RepeatMasker
Example procedure to operate RepeatMasker on a typical genome assembly sequence.
Partition
The source tree script simplePartition.pl can be used to partition the genome. The output of the script is merely a listing of twoBit file references representing the partitions. A specific bit of sequence is obtained from the twoBit file at the time it is needed for the RepeatMasker operation. UCSC uses partitions of 500,000 bases when using the cross_match alignment engine with RepeatMasker. That size of partition often results in a single job run-time of about 1.5 hours. When using the rmblast alignment engine with RepeatMasker, the typical single job run-time is on the order of 10 minutes. The resulting masking is very similar. This example constructs partition lists in the specified RMPart directory hierarchy:
mkdir -p /data/genomes/ricCom1/bed/repeatMasker/ cd /data/genomes/ricCom1/bed/repeatMasker simplePartition.pl ../../ricCom1.unmasked.2bit 500000 /data/genomes/ricCom1/RMPart
Cluster run
The template file used here:
#LOOP ./RMRun.csh /data/genomes/ricCom1/RMPart/$(path1).out #ENDLOOP
with the gensub2 command constructs the command list jobList to run on the cluster.

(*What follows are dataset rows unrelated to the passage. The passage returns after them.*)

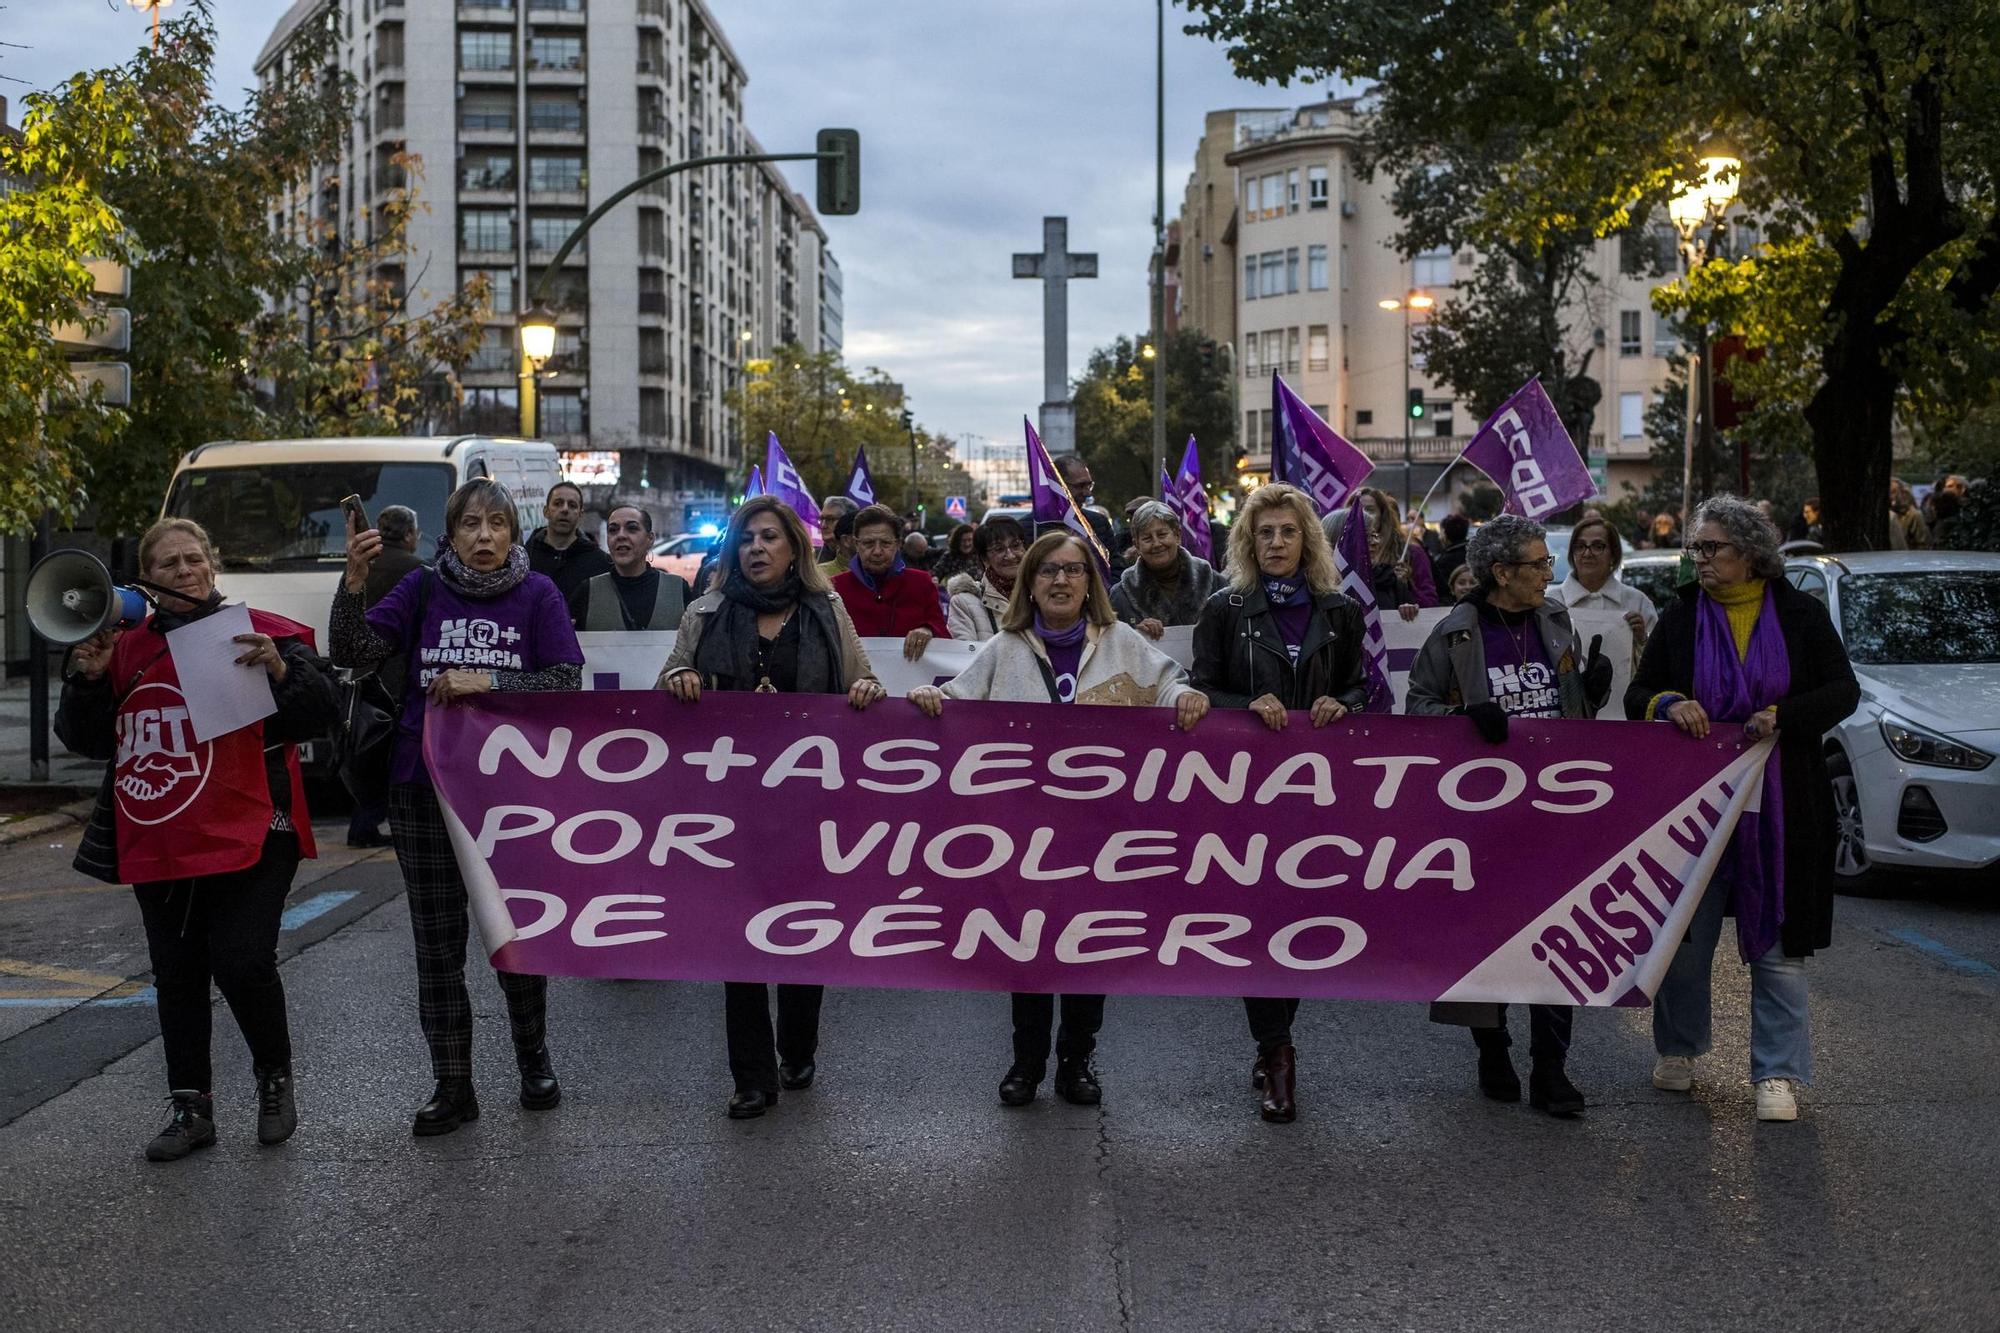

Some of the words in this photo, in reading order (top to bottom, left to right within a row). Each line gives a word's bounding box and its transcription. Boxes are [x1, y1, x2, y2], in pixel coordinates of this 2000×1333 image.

[1491, 407, 1558, 518] CCOO
[420, 647, 522, 670] VIOLENCIA
[116, 705, 190, 768] UGT
[476, 805, 735, 868] POR
[820, 820, 1475, 891] VIOLENCIA
[500, 889, 668, 948] DE
[745, 887, 1368, 971] GÉNERO

mkdir -p /data/genomes/ricCom1/bed/repeatMasker/run.cluster cd /data/genomes/ricCom1/bed/repeatMasker/run.cluster ln -s /data/genomes/ricCom1/RMPart ./RMPart gensub2/data/genomes/ricCom1/RMPart/partitions.lst single template jobList
This example constructs 880 commands to run in the jobList file, typically:
./RMRun.csh /data/genomes/ricCom1/RMPart/000/000.lst.out ./RMRun.csh /data/genomes/ricCom1/RMPart/001/001.lst.out ./RMRun.csh /data/genomes/ricCom1/RMPart/002/002.lst.out ... etc.

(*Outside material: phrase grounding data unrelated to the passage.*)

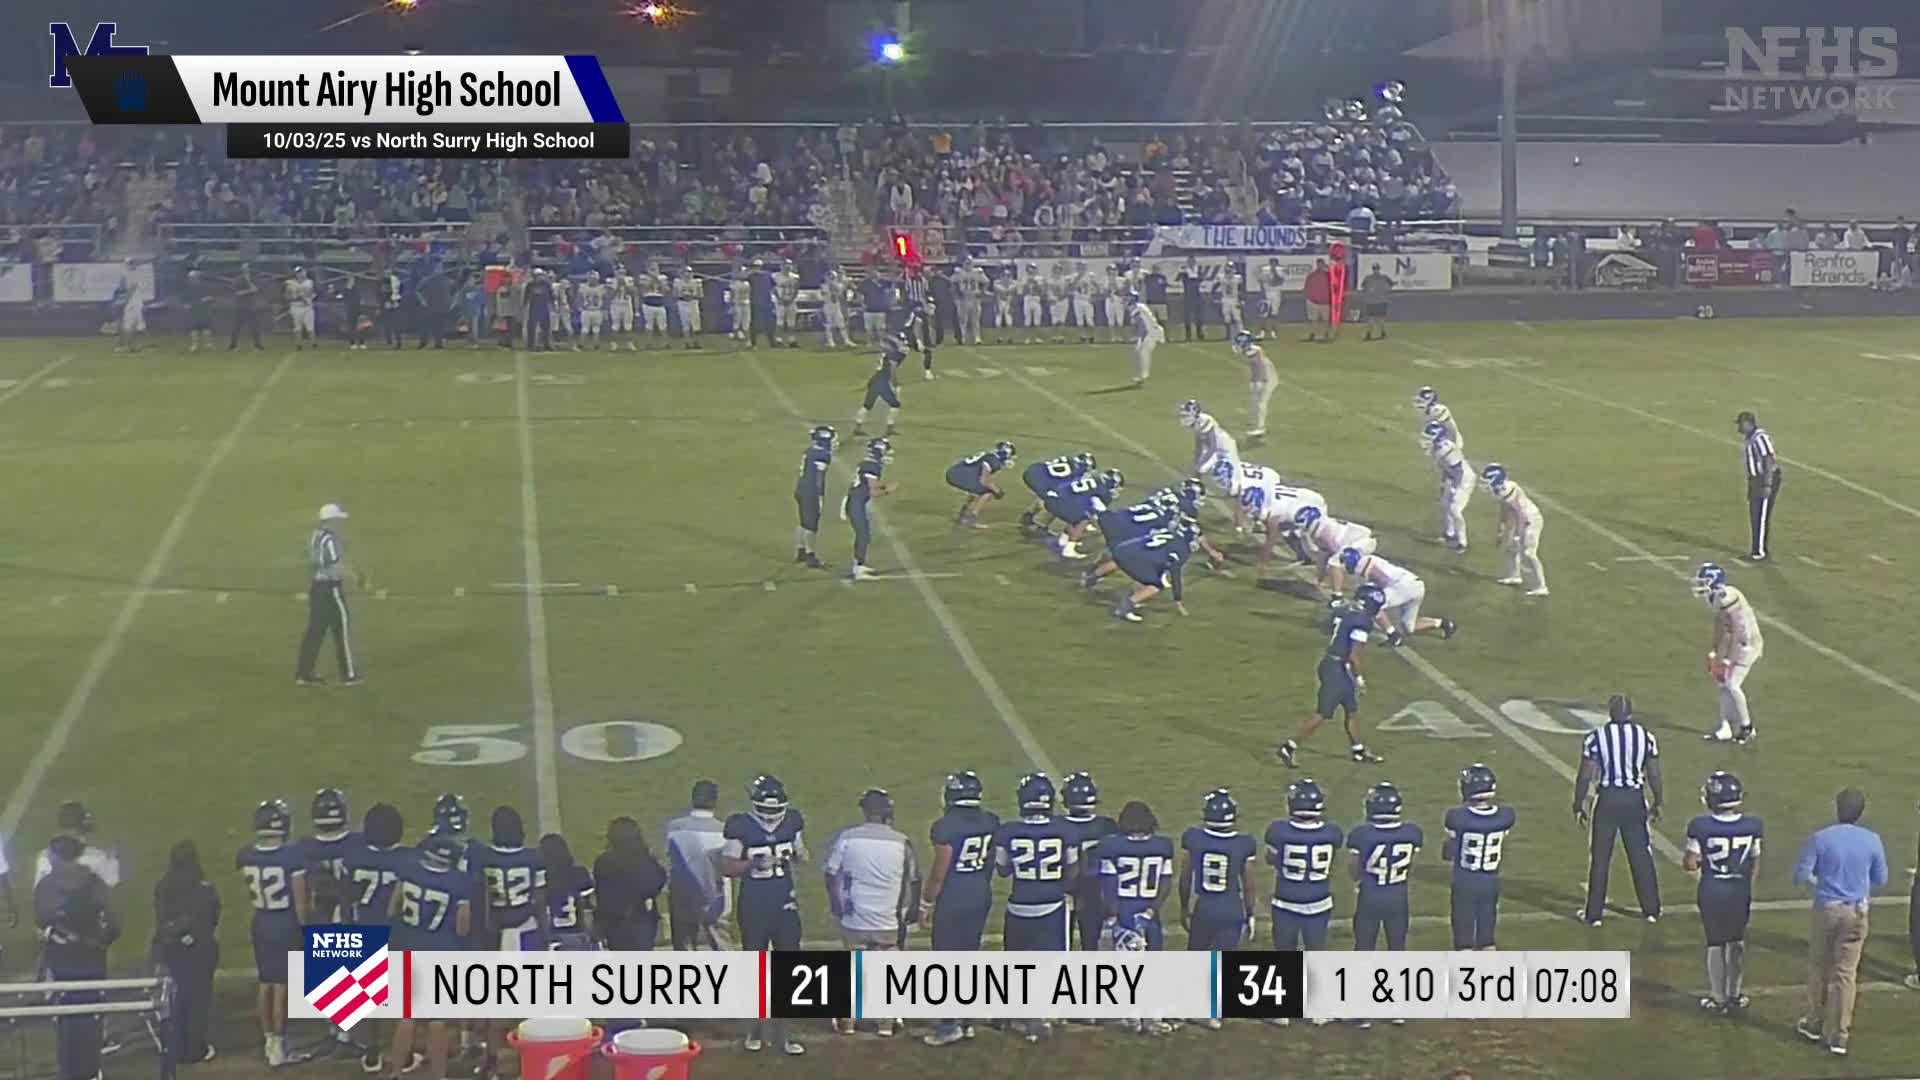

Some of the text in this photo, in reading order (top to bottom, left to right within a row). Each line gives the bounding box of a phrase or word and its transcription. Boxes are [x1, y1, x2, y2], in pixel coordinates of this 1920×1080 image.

[897, 236, 906, 257] 1
[1203, 226, 1306, 248] THE HOUNDS
[1803, 252, 1856, 270] Renfro
[1812, 267, 1865, 285] Brands
[410, 720, 684, 766] 50
[1011, 838, 1064, 880] 22
[1283, 844, 1333, 881] 59
[1366, 842, 1413, 886] 42
[1460, 831, 1502, 872] 88
[1705, 835, 1754, 873] 27
[1116, 856, 1161, 898] 20
[1203, 853, 1228, 892] 8

The RMRun.csh script performs the RepeatMasker operation on each partition:
#!/bin/csh -ef set finalOut = $1 set inLst = $finalOut:r set inLft = $inLst:r.lft set alignOut = $finalOut:r.align set catOut = $finalOut:r.cat # Use local disk for output, and move the final result to $outPsl # when done, to minimize I/O. set tmpDir = `mktemp -d -p /scratch/tmp doRepeatMasker.cluster.XXXXXX` pushd $tmpDir # Initialize local library RepeatMasker -engine rmblast -pa 1 -species 'Ricinus communis' /dev/null foreach spec (`cat $inLst`) # Remove path and .2bit filename to get just the seq:start-end spec: set base = `echo $spec | sed -r -e 's/^[^:]+://'` # If $spec is the whole sequence, twoBitToFa removes the :start-end part, # which causes liftUp to barf later. So tweak the header back to # seq:start-end for liftUp's sake: twoBitToFa $spec stdout \ | sed -e "s/^>.*/>$base/" > $base.fa RepeatMasker -engine rmblast -pa 1 -align -species 'Ricinus communis' $base.fa if (-e $base.fa.cat) then mv $base.fa.cat $catOut endif end # Lift up (leave the RepeatMasker header in place because we'll liftUp # again later): liftUp -type=.out stdout $inLft error *.fa.out > tmpOut__out set nonomatch set alignFiles = ( *.align ) if ( ${#alignFiles} && -e $alignFiles[1] ) then liftUp -type=.align stdout $inLft error *.align \ > tmpOut__align else touch tmpOut__align endif # Move final result into place: mv tmpOut__out $finalOut mv tmpOut__align $alignOut popd rm -rf $tmpDir
If you have a parasol cluster, this operation is performed.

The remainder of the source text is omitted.